The first thing I find myself doing prior to setting foot in a new city or town is finding out where the local farmer’s market may be. Many times it was in our favour thanks to the market being a permanent fixture, or that we happened to be in town on the day it was operating. With Lancaster’s Central Market being open on Tuesday, Friday & Saturday, we had a chance to get a taste of America’s oldest continuously operating farmers’ market.
Whilst there may have been a market on the same site since the 1730’s, the current Victorian brick and terracotta structure went up in the late 1800’s. It’s a meeting place for locals, it’s a place to grab food-stuffs for home, and it’s a window into the kitchens of the Amish.
It was perfect timing when we found these guys. Mean Cup.
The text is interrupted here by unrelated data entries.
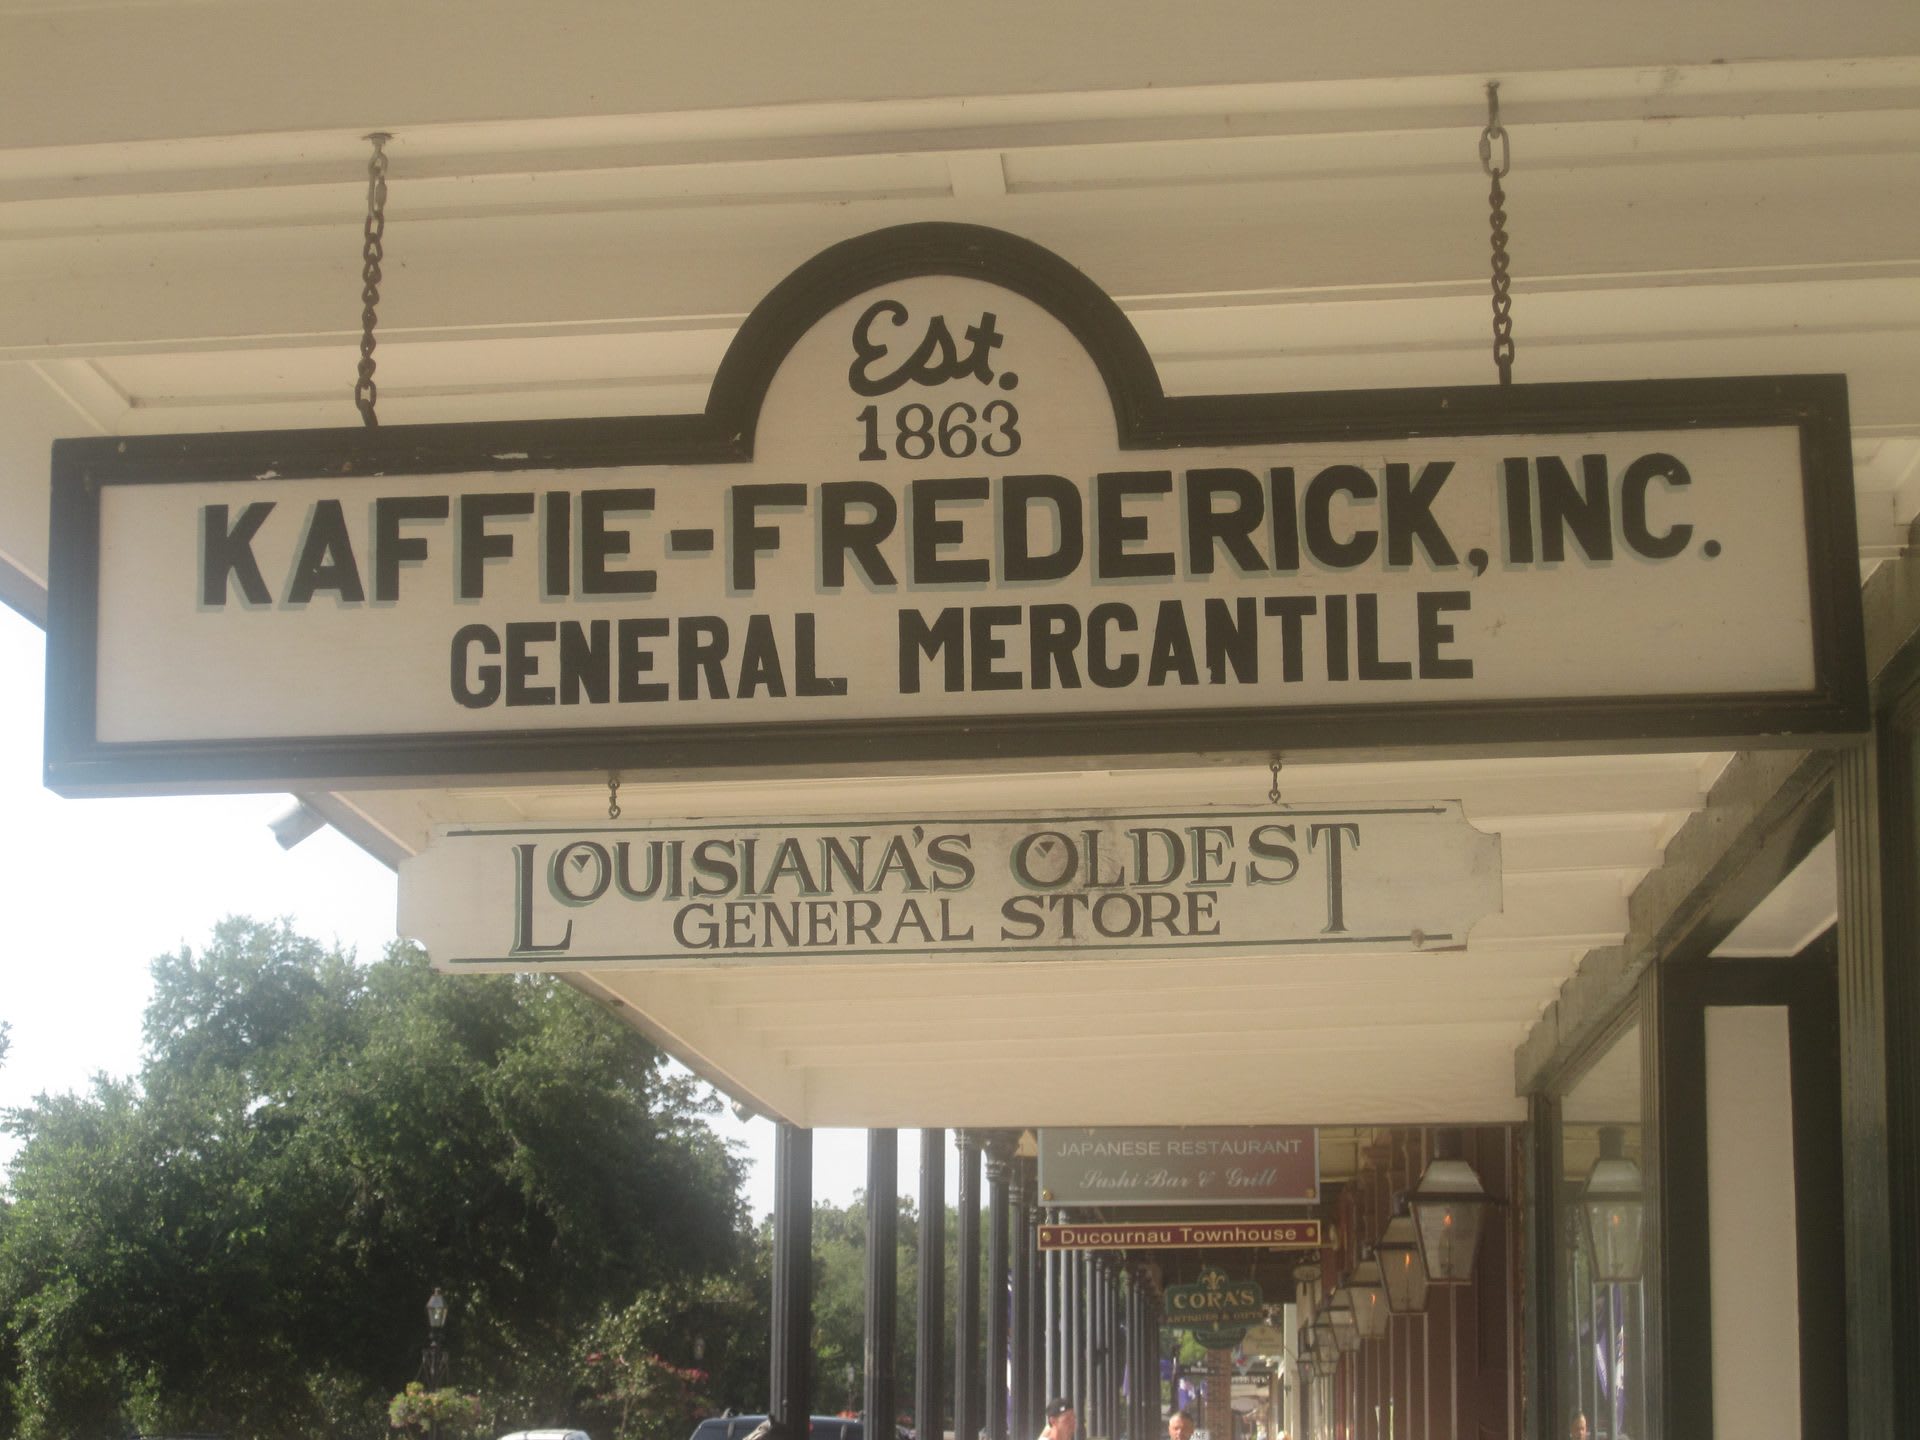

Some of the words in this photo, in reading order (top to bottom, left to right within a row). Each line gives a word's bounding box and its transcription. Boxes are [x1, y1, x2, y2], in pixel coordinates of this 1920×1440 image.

[848, 299, 1019, 397] Est.
[856, 400, 1021, 461] 1863
[199, 461, 1489, 607] KAFFIE-FREDERICK,
[1502, 453, 1722, 565] INC.
[450, 613, 848, 709] GENERAL
[899, 590, 1474, 694] MERCANTILE
[510, 825, 976, 957] LOUISIANA'S
[1010, 822, 1361, 934] OLDEST
[673, 898, 974, 950] GENERAL
[1001, 891, 1221, 941] STORE
[1057, 1141, 1161, 1157] JAPANESE
[1168, 1140, 1302, 1156] RESTAURANT
[1080, 1169, 1138, 1189] Sushi
[1143, 1168, 1188, 1188] Bar
[1225, 1167, 1277, 1188] Grill
[1060, 1230, 1171, 1245] Ducournau
[1179, 1226, 1297, 1243] Townhouse
[1173, 1289, 1255, 1310] CORA'S
They’re open to having a discussion about espresso, they tell it like it is and they do a pretty mean espresso and macchiato. I love their “no shit” attitude; something that reminds me of the folk in Philadelphia.
Central Market may be predominantly food-centric, but there is the occasional Amish stand that peddles quilts, cushions and any local stitched crafts.
And then there’s the food. Fresh produce, meats, spices, baked goods, Middle Eastern and Mexican foods. It’s here that you can grab your Amish preserves and pickles, as well. Including the well-known chow chow, those pickled vegetables that they do oh-so well. Pennsylvania Dutch sausages, scrapple (a “meatloaf” consisting of meat scraps and cornmeal) and headcheese.
Another thing the Amish excel in is sweet pastry. Fruity, sticky baked goods that attract any sweet tooth to their wares. Case in point – The maple & bacon longjohns from the Shady Maple stand. How could I not? It’s very much an éclair topped with icing and crispy bacon. All your breakfast needs in a few sugary bites.
It was here that I sampled my very first genuine wet-bottomed shoofly pie, from Zig’s Bakery. For those uninitiated, it’s a molasses pie that’s still a bit sticky on the bottom. I made my own version here, something that was quite sweet, but I was surprised to find the Zig’s shoofly wasn’t as loaded with sugar as I’d expected.